Anse Amyot, atoll Taoao, Tuamotu

Jeudi 20 février

 Nous partons à 8h30. Une heure et demie plus tard nous embouquons la passe sud. Ce doit être le bon moment car le courant est faible et l’eau calme. Nous sommes de nouveau libres et soulagés, comme si nous quittions un manteau trop pesant. L’alizé est régulier et la mer belle, nous avons laissé la ligne trainer dans notre sillage. J’ai soudain l’impression qu’il y a quelque chose au bout.
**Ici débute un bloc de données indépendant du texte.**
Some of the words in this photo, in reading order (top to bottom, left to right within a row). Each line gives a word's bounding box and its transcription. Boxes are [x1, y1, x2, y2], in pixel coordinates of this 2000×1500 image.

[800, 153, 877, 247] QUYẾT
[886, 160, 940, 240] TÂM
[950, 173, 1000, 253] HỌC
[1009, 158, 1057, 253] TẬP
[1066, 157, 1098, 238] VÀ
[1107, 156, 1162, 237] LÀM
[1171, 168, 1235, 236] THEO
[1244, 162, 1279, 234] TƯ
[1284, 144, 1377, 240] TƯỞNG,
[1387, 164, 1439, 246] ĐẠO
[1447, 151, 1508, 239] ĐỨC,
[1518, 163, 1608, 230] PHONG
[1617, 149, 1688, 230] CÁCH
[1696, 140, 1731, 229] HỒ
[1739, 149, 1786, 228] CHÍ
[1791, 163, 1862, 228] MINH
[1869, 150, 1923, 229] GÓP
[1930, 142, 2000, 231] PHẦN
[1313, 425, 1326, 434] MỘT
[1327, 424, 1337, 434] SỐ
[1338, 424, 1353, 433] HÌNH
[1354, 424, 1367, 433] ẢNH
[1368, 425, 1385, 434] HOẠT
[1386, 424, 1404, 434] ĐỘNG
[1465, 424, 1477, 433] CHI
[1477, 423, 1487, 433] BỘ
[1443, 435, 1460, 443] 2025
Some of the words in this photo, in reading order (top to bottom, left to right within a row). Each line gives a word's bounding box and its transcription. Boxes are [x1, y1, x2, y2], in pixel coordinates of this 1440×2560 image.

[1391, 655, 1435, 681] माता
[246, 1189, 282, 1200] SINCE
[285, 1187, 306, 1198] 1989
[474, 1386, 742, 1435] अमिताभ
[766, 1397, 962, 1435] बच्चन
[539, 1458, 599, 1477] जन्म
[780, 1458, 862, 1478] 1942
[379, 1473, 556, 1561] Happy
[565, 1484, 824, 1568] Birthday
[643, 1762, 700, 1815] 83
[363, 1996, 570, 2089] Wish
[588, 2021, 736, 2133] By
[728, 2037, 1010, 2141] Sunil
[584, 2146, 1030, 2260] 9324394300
Pour s’en assurer, Gil commence à la remonter tranquillement lorsque d’un coup sec le fil part à toute vitesse, lui entaillant méchamment deux doigts. Est-ce une coupure ou une brulure ? Dans l’expectative j’enroule les doigts dans une feuille de choux, nous demanderons conseille plus tard. Quand notre attention se reporte de nouveau sur le poisson fautif, c’est pour le voir se détacher au milieu d’une gerbe d’écume. Il était très gros, nous n’en saurons pas plus… Ker a vel nous a rattrapé et arrive juste avant nous à l’anse Amyot. L’endroit est sublime et calme. Nous nous accrochons à un corps mort et allons à terre. Quatre personnes sont en train de préparer une quantité phénoménale de filets de poisson perroquet, le Cobia passe ce soir prendre la livraison. En lorgnant les  énormes barils de déchets de poisson, je me dis que, s’ils rejettent tout cela à l’eau, la baie doit être pleine de requins d’autant plus gros qu’elle est ouverte sur le large. Je demande donc innocemment : « et les déchets, vous en faites quoi ? ». Partant d’un grand rire la femme me répond : « C’est pour les requins ! Ah, vous pouvez vous baigner tranquille ici, les requins sont bien nourris, ils ont le ventre plein et ne risque pas de vous attaquer ». Voilà, c’est ça le voyage, il faut oublier ses préjugés et adopter une autre façon de penser.

Et alors, baignade avec les requins ?!